UH Manoa and HECO formalize partnership to save energy

Reducing campus electric bills and global warming are key goals

University of Hawaiʻi
Contact:
Gregg Takayama, (808) 382-3212
Chancellor's Office
Peter Rosegg, (808) 371-7474
Hawaiian Electric Company
Posted: Apr 10, 2007

HONOLULU - The University of Hawaii at Mānoa and Hawaiian Electric Company today formalized a partnership to work together to save energy and reduce the global warming impact of the University‘s flagship campus.

The partnership - endorsed today in a campus ceremony by interim Manoa Chancellor Denise Eby Konan and HECO President & CEO Mike May - launches an aggressive effort to achieve the energy-savings goals announced at the Chancellor‘s Energy Summit last October. These goals are:

· A 30 percent reduction of campus-wide energy use by 2012, based on a 2003 campus energy benchmark.
· A 50 percent reduction of campus-wide energy use by 2015, based on the 2003 campus energy benchmark.
· Achieving 25 percent of campus-wide energy use supplied by renewable sources by 2020.
· By 2050, the Manoa campus will achieve self-sufficiency in energy and water, and will treat and transform its wastes into useable resources through its actions to conserve and re-use, and through its adoption of renewable energy technologies.

"We are initiating a new partnership with HECO to work together to put the UH Mānoa campus on the path to energy sustainability, to reduce the impact on global warming, and to return savings to pressing academic needs," said Chancellor Konan.

"In 2006, the energy bill for the Mānoa campus was $17 million. This year, it is expected to reach $18 million. These figures are the continuation of an upward trend that shows no signs of slowing," said Chancellor Konan.

"Hawaiian Electric Company has made a major commitment to increase electricity conservation and efficiency both through raising awareness and through technical assistance on a wide range of energy efficient technologies," said Mike May. "We are very happy to renew a partnership dedicated to saving energy and dollars for the University and protecting our environment both here in Hawaii and globally through this effort.

"The campus is committing itself to some high goals and I believe our assistance, plus the enthusiasm and expertise of students, faculty and staff will make these goals a reality."

Since most energy on campus is consumed by the operation of its buildings, they will be the natural focus for conservation activities. Other university campuses around the U.S. and other institutions and businesses on Oahu have already realized large savings by improving the efficiency of lighting, motors, ventilation and air conditioning.

"The University cannot do this alone, which is why a partnership with HECO is so critical to the success of this new campaign," said Chancellor Konan. "HECO will be able to bring its expertise on demand-side management and renewable energy to help the Mānoa Campus to meet our energy goals. Together, HECO and the UH-Mānoa will put the campus on the path to sustainability."

Today‘s meeting on campus was set to formally sign the charter of the partnership and to organize action committees made up of UH and HECO representatives.
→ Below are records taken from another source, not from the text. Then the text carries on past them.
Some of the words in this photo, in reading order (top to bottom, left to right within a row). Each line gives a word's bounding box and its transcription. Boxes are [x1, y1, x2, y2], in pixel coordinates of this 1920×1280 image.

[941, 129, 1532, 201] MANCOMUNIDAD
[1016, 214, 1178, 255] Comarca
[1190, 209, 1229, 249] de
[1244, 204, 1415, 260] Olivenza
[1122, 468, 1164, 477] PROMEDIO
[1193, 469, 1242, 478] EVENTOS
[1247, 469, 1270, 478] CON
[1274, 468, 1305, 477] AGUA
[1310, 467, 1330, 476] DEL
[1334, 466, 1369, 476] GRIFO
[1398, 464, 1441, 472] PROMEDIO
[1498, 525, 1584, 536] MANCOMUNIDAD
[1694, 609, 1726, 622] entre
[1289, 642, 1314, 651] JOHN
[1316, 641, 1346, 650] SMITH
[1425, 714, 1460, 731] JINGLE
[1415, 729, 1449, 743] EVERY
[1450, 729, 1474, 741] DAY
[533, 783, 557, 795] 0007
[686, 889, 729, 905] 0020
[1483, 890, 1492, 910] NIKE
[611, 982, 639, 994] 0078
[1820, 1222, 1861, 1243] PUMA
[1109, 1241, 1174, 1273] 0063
In past collaboration, a campus-wide study set benchmarks of campus energy use with installation of electrical meters at 33 locations and energy audits of 44 buildings. Joint action committees will soon establish a coordinated list of priority projects to leverage expertise and resources to reduce electricity use.

In the near term, HECO is adding its support to a student-faculty-staff effort called "Sustainable Saunders" aimed at turning Saunders Hall into a model of sustainability and energy efficiency. Saunders includes the departments such as economics, peace studies, political science, population studies, public administration, sociology and urban planning. HECO also is participating in the UH Earth Day celebration on April 20.

HECO previously assisted in the design of the John A. Burns School of Medicine in Kaka‘ako, funding an independent engineering firm to make energy efficiency recommendations which qualified the building for $250,000 in Energy$olutions rebates and are saving the school about $230,000 a year on its utility bills.

Most recently, HECO gave UH a rebate of $20,500 for installing CFL bulbs in student housing, bringing total energy efficiency rebates to over $450,000.

UH and HECO have a long history of collaboration on diverse projects, including research from biofuels for energy to termite control in utility polls. Other examples:

· HECO commissioned Professor Steven Meder and the School of Architecture to research solar access on rooftops using aerial imaging and analysis.
· HEI Foundation provided a grant for development of an energy-based curriculum to increase sustainable design skills of architecture students.
· HECO is providing space and utilities for the Hawaii Fuel Cell Test Facility where the UH Hawaii Natural Energy Institute is conducting research on fuel cells and associated fuels.

"The University of Hawaii is 100 years old, a mere youngster compared to Hawaiian Electric Company which was chartered by King Kalakaua in 1890," said May. "We represent two of the oldest — and yet most modern and innovative — public service institutions in our state. It is fitting we should be working closely together in this important effort."